WORK TO BE COMPLETED: Output the data below exactly as it is, dropping the pictures from your copy.

MATERIAL SHOWN:
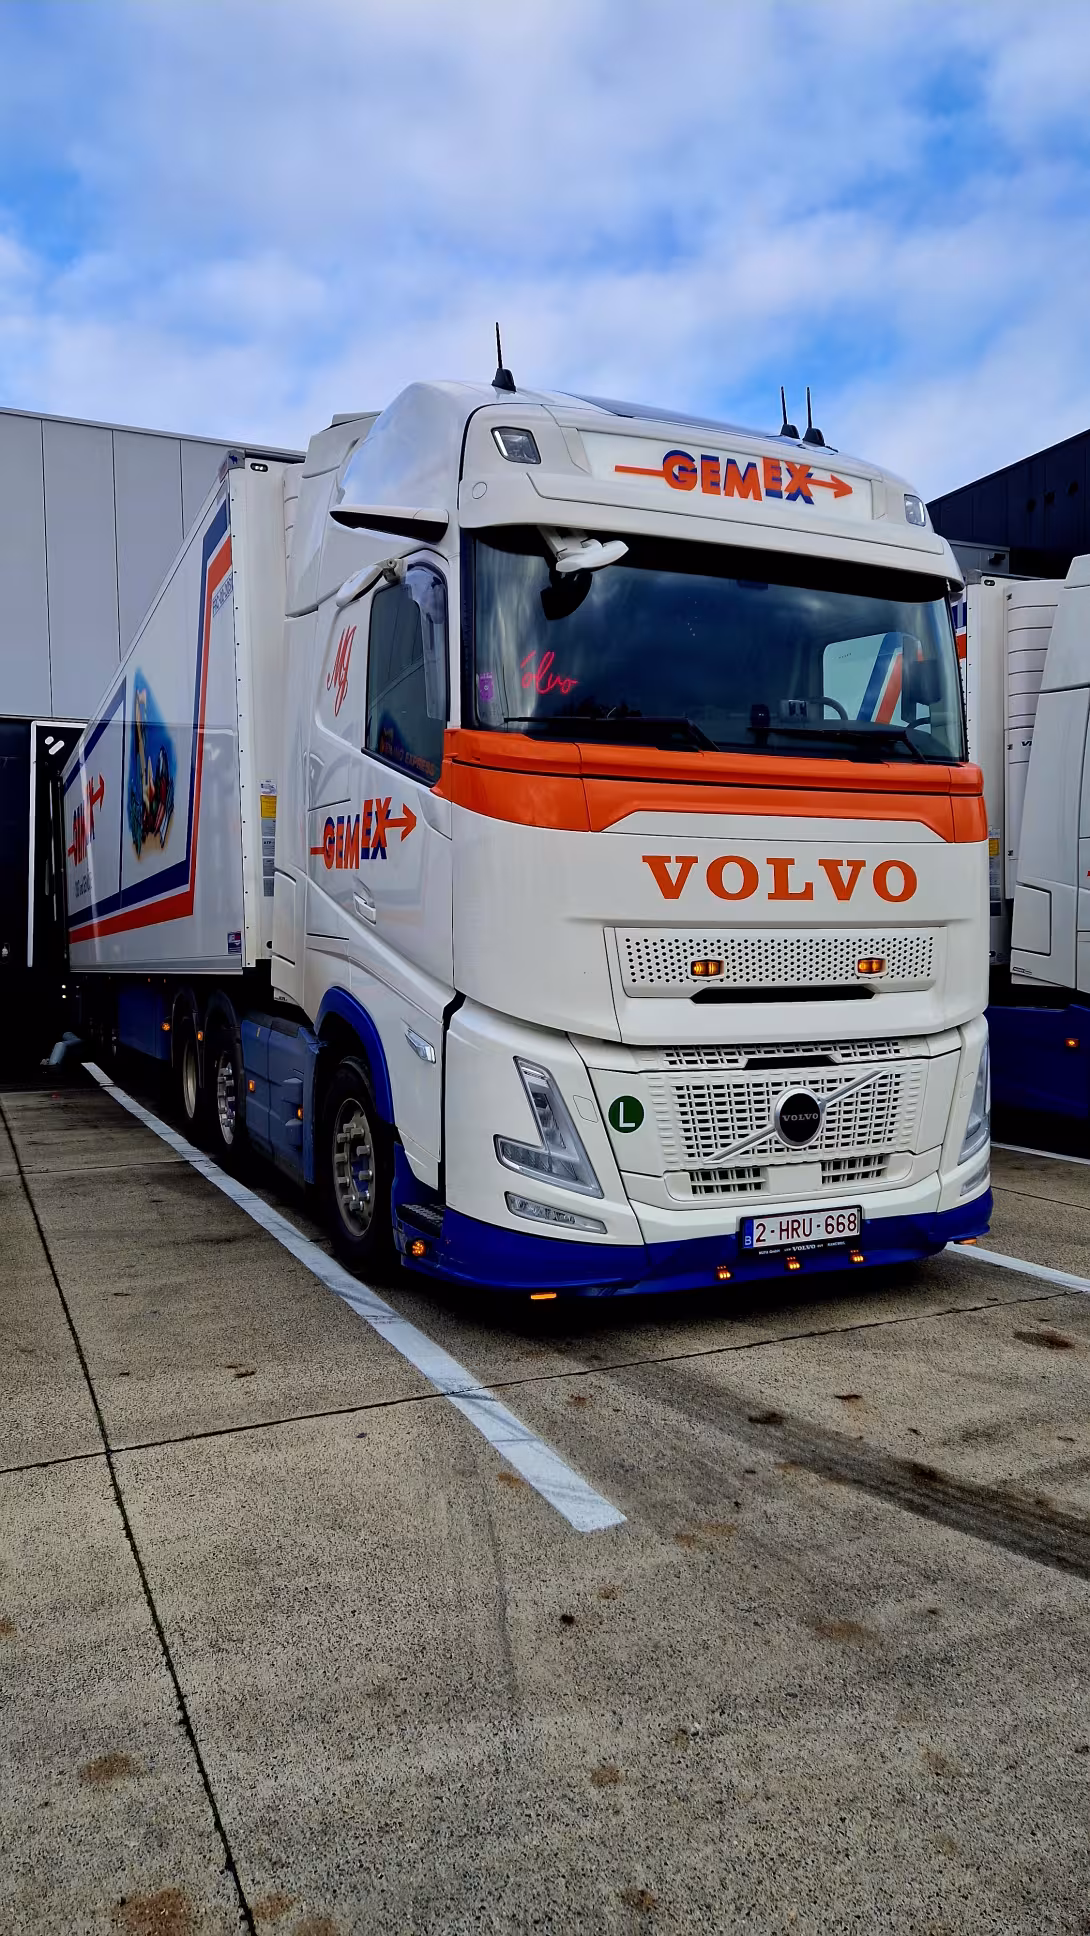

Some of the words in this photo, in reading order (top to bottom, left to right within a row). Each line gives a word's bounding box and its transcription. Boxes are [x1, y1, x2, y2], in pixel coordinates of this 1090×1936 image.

[663, 449, 815, 505] GEMEX
[323, 797, 391, 870] GEMEX
[642, 855, 918, 903] VOLVO
[619, 1101, 636, 1128] L
[782, 1112, 819, 1122] VOLVO
[744, 1235, 752, 1246] B
[792, 1244, 816, 1252] VOLVO

ANSWER SPACE:
Some of the words in this photo, in reading order (top to bottom, left to right within a row). Each line gives a word's bounding box and its transcription. Boxes are [x1, y1, x2, y2], in pixel coordinates of this 1090×1936 image.

[663, 449, 815, 505] GEMEX
[323, 797, 391, 870] GEMEX
[642, 855, 918, 903] VOLVO
[619, 1101, 636, 1128] L
[782, 1112, 819, 1122] VOLVO
[744, 1235, 752, 1246] B
[792, 1244, 816, 1252] VOLVO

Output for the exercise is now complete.